Да, уже сказывались годы. Сталин легко простужался, частенько болел ангиной. Поэтому Старостин загнал ключ в скважину так, чтобы Сталин не мог открыть дверь. Впустую прокряхтев около нее, Сталин попросил:

– Откройте дверь.

– На улице дождь. Вы можете простыть, заболеть, – возразил Старостин.

– Повторяю: откройте дверь!

– Товарищ Сталин, открыть вам дверь не могу.

– Скажите вашему министру, чтобы он вас откомандировал! – вспылил Сталин. – Вы мне больше не нужны.

– Есть! – козырнул Старостин, однако с места не двинулся.

Возмущенно пошумев, что его, Генералиссимуса, не слушается какой-то охранник, Сталин ушел спать. Утром Старостин обреченно понес в машину свои вещи. Тут его вызвали к Сталину, который миролюбиво предложил:

– О чем вчера говорили – забудьте. Я не говорил, вы не слышали. Отдыхайте и приходите на работу.

Нельзя исключать, что А. Рыбин немного приукрасил роль своей службы в этом эпизоде, однако основной смысл взаимоотношений между Сталиным и охраной передан абсолютно верно.

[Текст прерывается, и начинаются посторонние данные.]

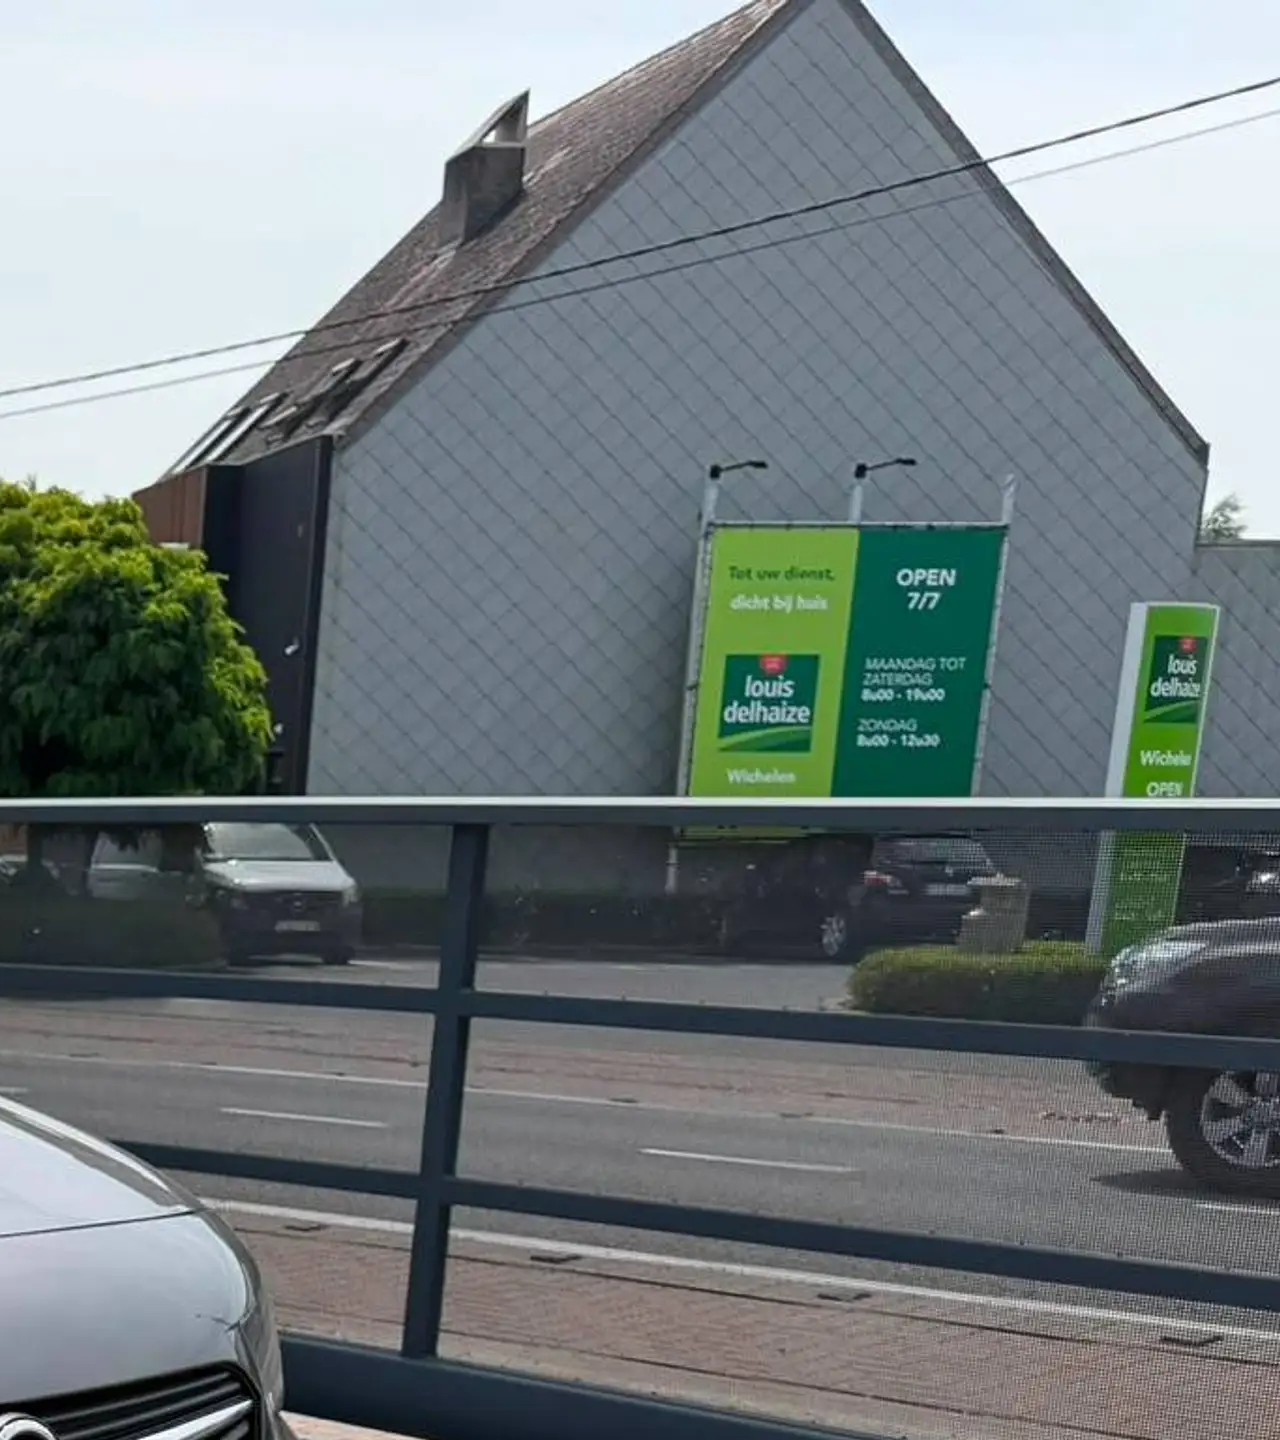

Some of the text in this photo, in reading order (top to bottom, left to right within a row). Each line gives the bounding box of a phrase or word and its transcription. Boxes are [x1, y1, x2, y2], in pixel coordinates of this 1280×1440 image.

Было бы просто смешно, начни Сталин всякий раз давать подобные указания охране! Например: я сейчас буду читать – не спите, а теперь я прилягу на полчаса – можете отдыхать (т. е. спать не раздеваясь), а в другой раз – я выпил лишнего, так вы совершенно свободны от несения службы.

Это вопиющая собачья чушь!

А коль скоро Сталин такого приказа не отдавал, то забыть про своего «хозяина» на целые сутки охрана могла только в одном случае – если категорическое указание не беспокоить товарища Сталина она получила либо от своего руководства, либо непосредственно от руководителей государства.

Кто в той обстановке мог отдать охране такой приказ? Такой приказ могли отдать только ночные гости Сталина!